If anything, the COVID-19 has shown us the other side of this economic acceleration: deceleration. Like the costs of speed, the risk of a global economic shutdown is also allocated to the most vulnerable people. They have lost their source of income, while lead firms wait and see how the situation develops. In the meantime, the WTO is working towards keeping trade open amid COVID-19.[9] Similarly, the ILO has launched an initiative asking lead firms to pay for finished goods and communicate suppliers the status of business operations and future planning.[10]In a certain way, this initiative benefits lead firms too, as they will need somebody to process their orders when things go back to ‘normal’.

The vocabulary of speed, acceleration (and deceleration) is just one example of the possible ways in which we can talk about the costs of international trade. Speed might be a good indicator for vulnerability, which trade rules can address by adding friction into exchanges and favouring long-term relations as opposed to one-off transactions. This vocabulary would provide us with a new lever to pull to ensure a better distribution of benefits, costs and risks. Crucially, speed and acceleration may relate to other areas too, from the duration of public consultations to the need to plan the application of a new technology.

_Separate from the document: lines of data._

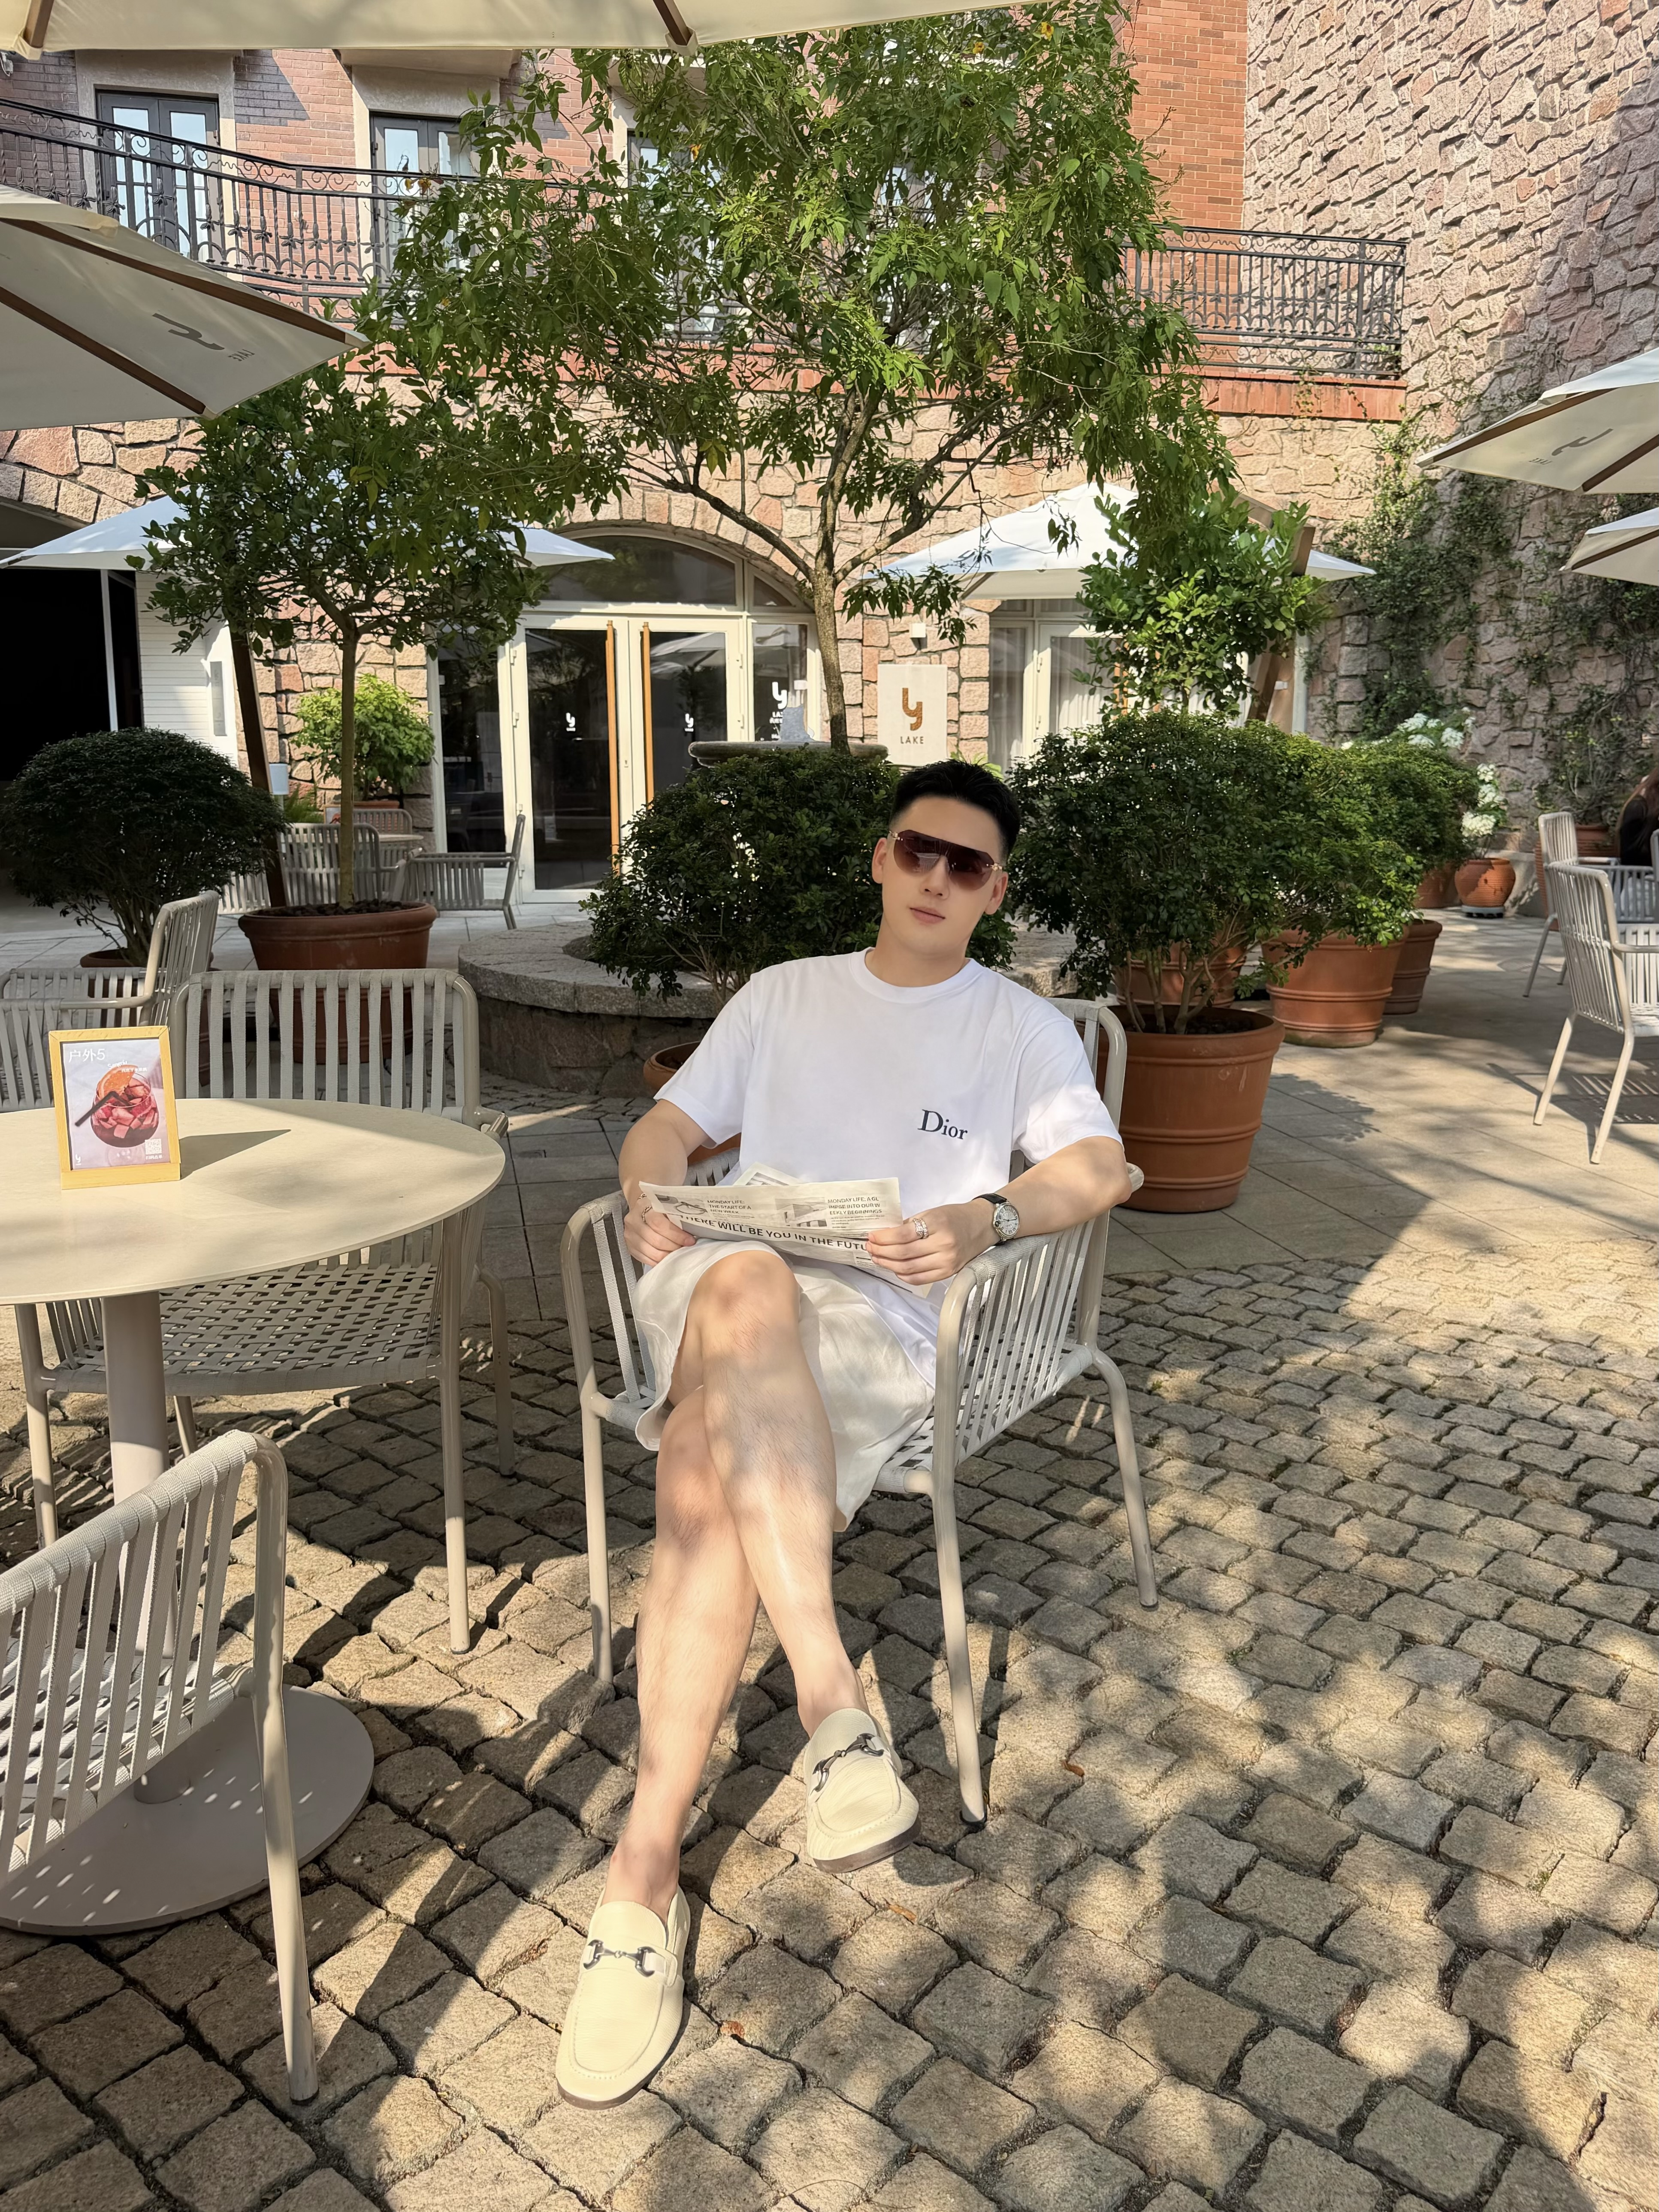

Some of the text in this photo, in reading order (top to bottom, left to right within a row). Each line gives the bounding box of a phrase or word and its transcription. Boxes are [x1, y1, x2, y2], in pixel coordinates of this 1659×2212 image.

[900, 736, 924, 744] LAKE
[69, 1048, 105, 1063] 户外5
[917, 1109, 968, 1139] Dior
[718, 1222, 746, 1233] WILL
[749, 1227, 763, 1236] BE
[766, 1230, 791, 1239] YOU
[810, 1236, 834, 1246] THE

Of course, there are other vocabularies to talk about vulnerability and trade from within international economic law. What is important, I think, is to remain attentive to which vocabularies are best to deal with the costs of international trade. The challenge is not to find the most eloquent ideas, but rather the most efficient narrative for the specific purpose. The best vocabulary would be as ambitious as possible, gather enough support, and facilitate coordination among different actors, including the most powerful. Speed may be a good candidate for this task, among others.


[1] Pascal Lamy, ‘Looking Ahead: The New World of Trade - Jan Tumlir Lecture’, (2015) ECIPE, Brussels, 9 March, available at https://ecipe.org/wp-content/uploads/2015/02/PLamy-Speech-09.03.15.pdf.

[2] Robert Hale ‘Coercion and Distribution in a Supposedly Non-Coercive State,’ (1923) 38 Political Science Quarterly 470, 474-6.

[3] Richard Baldwin, The Great Convergence: Information Technology And The New Globalization (2016).

[4] Donatella Alessandrini, ‘Value-capture, Development and Social Reproduction in International Trade Law’ VerfBlog, 2020/3/04, available at https://doi.org/10.17176/20200304-094544-0.

[5] Nicolás M. Perrone, ‘Speed, law and the global economy: How economic acceleration contributes to inequality and precarity’ (2020) Leiden Journal of International Law 1-20.

[6] ILO, ‘Purchasing practices and working conditions in global supply chains: Global Survey results’, (2017) INWORK Issue Brief No.10, available at https://www.ilo.org/wcmsp5/groups/public/---ed_protect/---protrav/---travail/documents/publication/wcms_556336.pdf.

[7]  Kristiina Abdallah, ‘Translators Agency in Production Networks’ in T. Kinnunen and K. Koskinen (eds), Translators’ Agency (2010) 11.

[8] Hartmut Rosa, Social acceleration: A new theory of modernity (2013) 283.